Origen (c. 185—254 A.D.) also referred to this writing as “the general Epistle of Barnabas,” again as though believing Barnabas himself to be the author thereof — and elsewhere, he apparently refers to it as though it were New Testament Scripture. (The canon of the New Testament books hadn’t yet been defined at this stage.)
Because of this ancient testimony in favour of its being a production of the travelling companion of the Apostle Paul, the writing has come down to us under the name ‘the Letter of Barnabas.’ In spite of this, modern scholarship generally does not regard it as being his work. Instead it is regarded as a writing of unknown authorship, albeit an extremely early one — it is generally assigned a date around 100 A.D.
An anti-semitic text?
For me, the ‘Letter of Barnabas’ is difficult reading. At times its tone verges on anti-semitic.
“With the ‘Letter of Barnabas,’ however, there is a definite undercurrent of hostility towards the Jewish people themselves. This comes out, for example, in chapter 9 where its author writes, ‘they [the Jews] transgressed because an evil angel deluded them.’”
The purpose of the letter is to show that Jesus Christ is everywhere foreshadowed in the Old Testament — more on how it does this later — and therefore Judaism is wrong. Its Christian readers are thus urged not to slip into the errors of Judaism.

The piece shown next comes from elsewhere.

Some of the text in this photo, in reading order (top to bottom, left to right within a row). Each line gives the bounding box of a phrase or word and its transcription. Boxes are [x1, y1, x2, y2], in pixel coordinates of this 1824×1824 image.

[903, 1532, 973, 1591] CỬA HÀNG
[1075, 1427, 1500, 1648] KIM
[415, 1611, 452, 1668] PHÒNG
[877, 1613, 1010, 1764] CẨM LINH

Thus far, the letter is only doing what the anonymous Letter to the Hebrews does in the New Testament itself: its purpose also is to show that Jesus Christ is everywhere foreshadowed in the Old Testament, and thus to urge its readers (presumably Jews who had believed in Jesus as the promised Messiah) not to go back to the old ways of Judaism.

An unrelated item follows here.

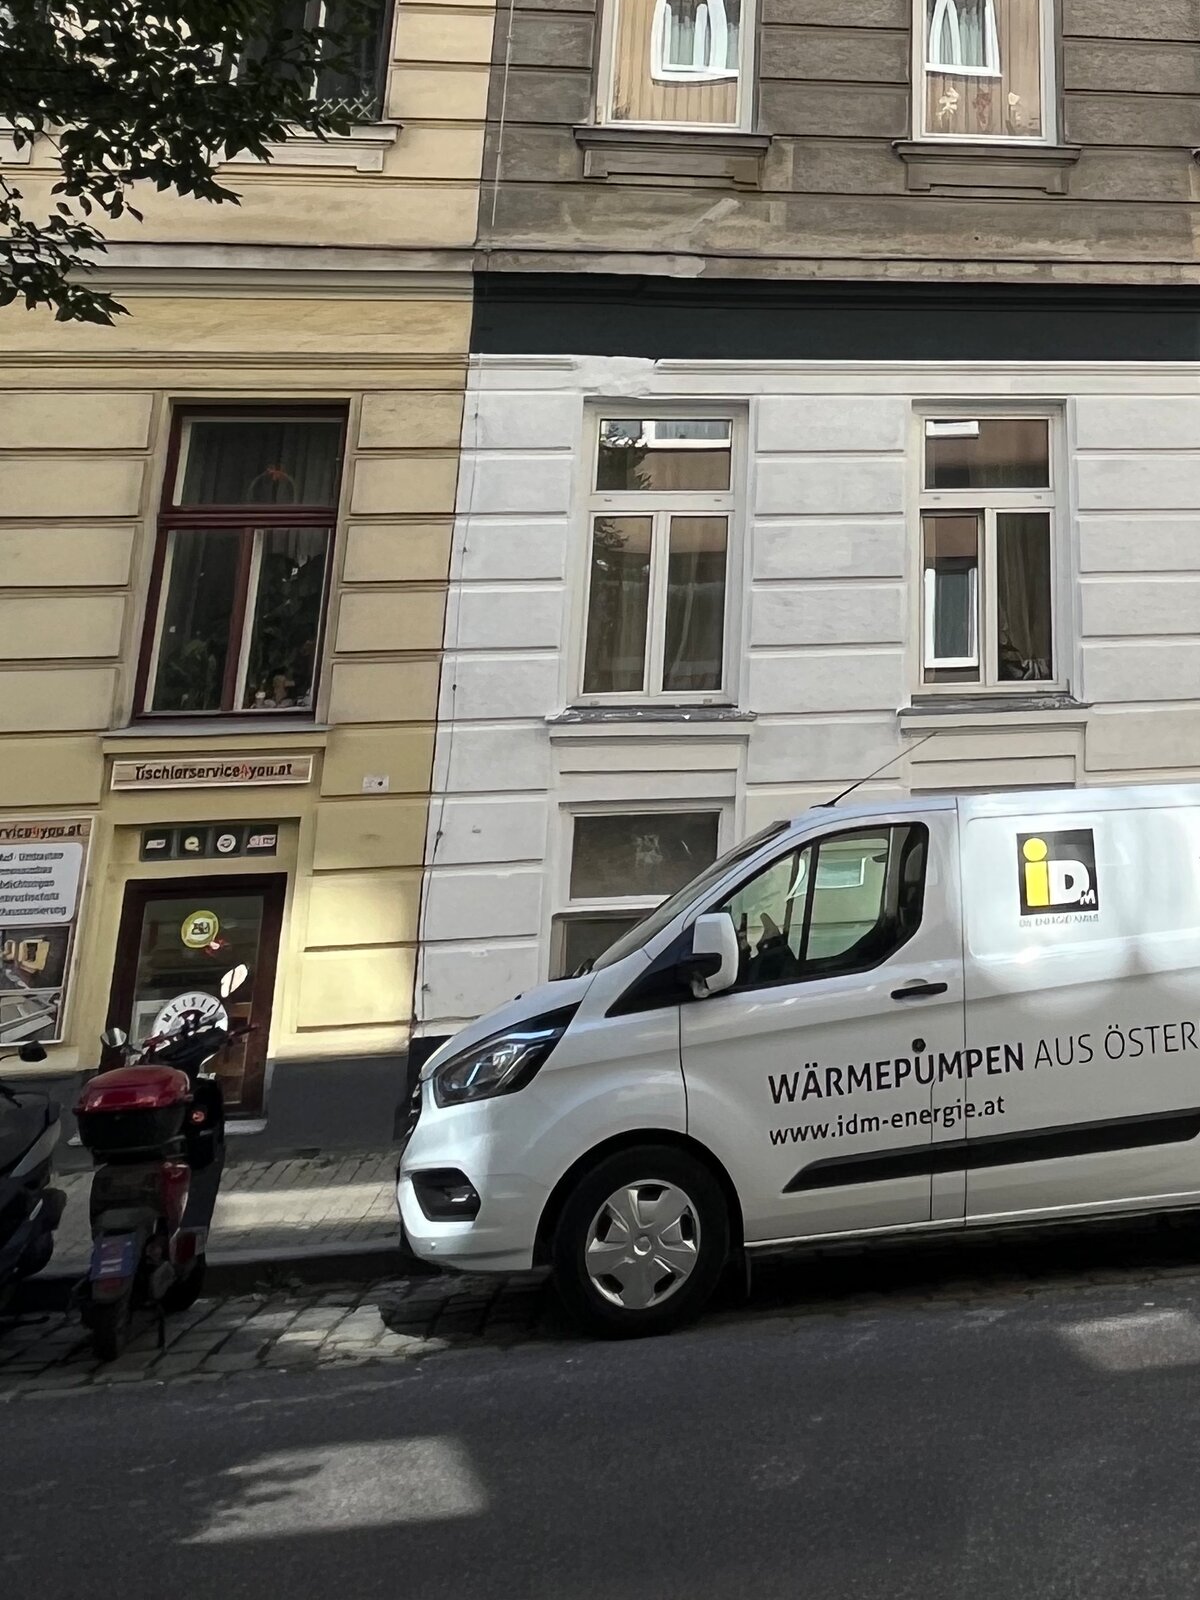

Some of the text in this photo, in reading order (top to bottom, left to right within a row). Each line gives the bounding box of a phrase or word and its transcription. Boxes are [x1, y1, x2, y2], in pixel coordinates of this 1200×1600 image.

[767, 1042, 1025, 1105] WÄRMEPUMPEN
[1034, 1033, 1094, 1069] AUS
[769, 1096, 1006, 1146] www.idm-energie.at

With the ‘Letter of Barnabas,’ however, there is a definite undercurrent of hostility towards the Jewish people themselves. This comes out, for example, in chapter 9 where, comparing Christians — those who are circumcised in their ears and their hearts — with Jews he writes,
Therefore he [the Lord] has circumcised our ears, that we might hear his word and believe, for the circumcision in which they trusted is abolished. For he declared that circumcision was not of the flesh, but they transgressed because an evil angel deluded them.
Or again, in chapter 16, he writes,
Moreover, I will also tell you concerning the temple, how the wretched [Jews], wandering in error, trusted not in God himself, but in the temple, as being the house of God. For almost after the manner of the Gentiles they worshipped him in the temple. But learn how the Lord speaks, when abolishing it: “Who hath measured out the heaven with a span, and the earth with his palm? Have not I?” [Isaiah 40:12] “Thus says the Lord, ‘Heaven is my throne, and the earth is my footstool: what kind of house will you build for me, or what is the place of my rest?’” [Isaiah 66:1] You perceive that their hope is vain.

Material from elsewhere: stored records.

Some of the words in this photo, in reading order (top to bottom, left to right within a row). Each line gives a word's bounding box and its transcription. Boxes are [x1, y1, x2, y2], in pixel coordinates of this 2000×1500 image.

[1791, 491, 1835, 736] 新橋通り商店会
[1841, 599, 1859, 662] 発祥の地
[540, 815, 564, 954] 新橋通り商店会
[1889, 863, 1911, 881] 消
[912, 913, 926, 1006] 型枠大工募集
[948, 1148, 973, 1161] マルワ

Granted, the word ‘Jews’ is not present in the original text (it is inserted for clarity in the Ante-Nicene Fathers translation quoted above); nevertheless, there is a clear hostility here toward the Jewish people. And in calling them ‘wretched,’ the writer seems not only to be applying these passages from Isaiah to the Jews of the time in which Isaiah wrote (who, after all, were condemned for their unbelief by the prophet himself), but to those of his own day.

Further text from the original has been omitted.